Task statement:
What is needed is an exact copy of the line with "this 1440×960 image." and all lines that follow it in the entries below, the last line included.

Input material:
■ ■ ■ ■ ■ ■ ■
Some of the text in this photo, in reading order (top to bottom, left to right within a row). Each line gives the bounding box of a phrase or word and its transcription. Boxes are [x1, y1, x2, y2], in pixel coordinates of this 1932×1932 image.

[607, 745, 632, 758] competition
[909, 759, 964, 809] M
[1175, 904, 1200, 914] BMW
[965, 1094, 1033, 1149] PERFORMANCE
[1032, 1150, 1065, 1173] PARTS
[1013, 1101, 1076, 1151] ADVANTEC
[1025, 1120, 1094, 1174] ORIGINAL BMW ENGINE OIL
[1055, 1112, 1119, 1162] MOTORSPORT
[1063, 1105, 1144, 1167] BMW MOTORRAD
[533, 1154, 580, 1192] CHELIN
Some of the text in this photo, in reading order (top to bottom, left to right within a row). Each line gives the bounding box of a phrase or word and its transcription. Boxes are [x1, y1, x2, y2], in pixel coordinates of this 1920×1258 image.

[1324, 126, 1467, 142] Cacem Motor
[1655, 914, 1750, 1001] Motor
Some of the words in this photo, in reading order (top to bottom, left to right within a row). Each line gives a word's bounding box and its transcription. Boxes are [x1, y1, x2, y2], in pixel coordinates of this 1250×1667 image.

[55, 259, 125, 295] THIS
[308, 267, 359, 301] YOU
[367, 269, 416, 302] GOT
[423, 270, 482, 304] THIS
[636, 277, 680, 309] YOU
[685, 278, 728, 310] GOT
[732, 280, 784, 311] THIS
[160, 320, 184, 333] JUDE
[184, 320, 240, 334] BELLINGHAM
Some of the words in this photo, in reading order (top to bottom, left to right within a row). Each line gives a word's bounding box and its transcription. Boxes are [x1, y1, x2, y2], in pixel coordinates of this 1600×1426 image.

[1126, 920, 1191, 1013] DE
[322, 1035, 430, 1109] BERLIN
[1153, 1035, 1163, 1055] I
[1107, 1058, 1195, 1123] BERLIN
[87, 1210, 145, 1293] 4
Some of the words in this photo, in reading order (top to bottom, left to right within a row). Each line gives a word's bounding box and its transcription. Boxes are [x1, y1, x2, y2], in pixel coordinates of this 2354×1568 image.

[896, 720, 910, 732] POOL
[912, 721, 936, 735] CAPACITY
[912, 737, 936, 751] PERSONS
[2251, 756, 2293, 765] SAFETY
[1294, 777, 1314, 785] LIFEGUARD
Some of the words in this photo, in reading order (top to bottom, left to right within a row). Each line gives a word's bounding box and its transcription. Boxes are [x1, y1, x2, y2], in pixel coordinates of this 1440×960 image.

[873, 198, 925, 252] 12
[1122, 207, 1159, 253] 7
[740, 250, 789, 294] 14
■ ■ ■ ■ ■ ■ ■
Task answer:
Some of the words in this photo, in reading order (top to bottom, left to right within a row). Each line gives a word's bounding box and its transcription. Boxes are [x1, y1, x2, y2], in pixel coordinates of this 1440×960 image.

[873, 198, 925, 252] 12
[1122, 207, 1159, 253] 7
[740, 250, 789, 294] 14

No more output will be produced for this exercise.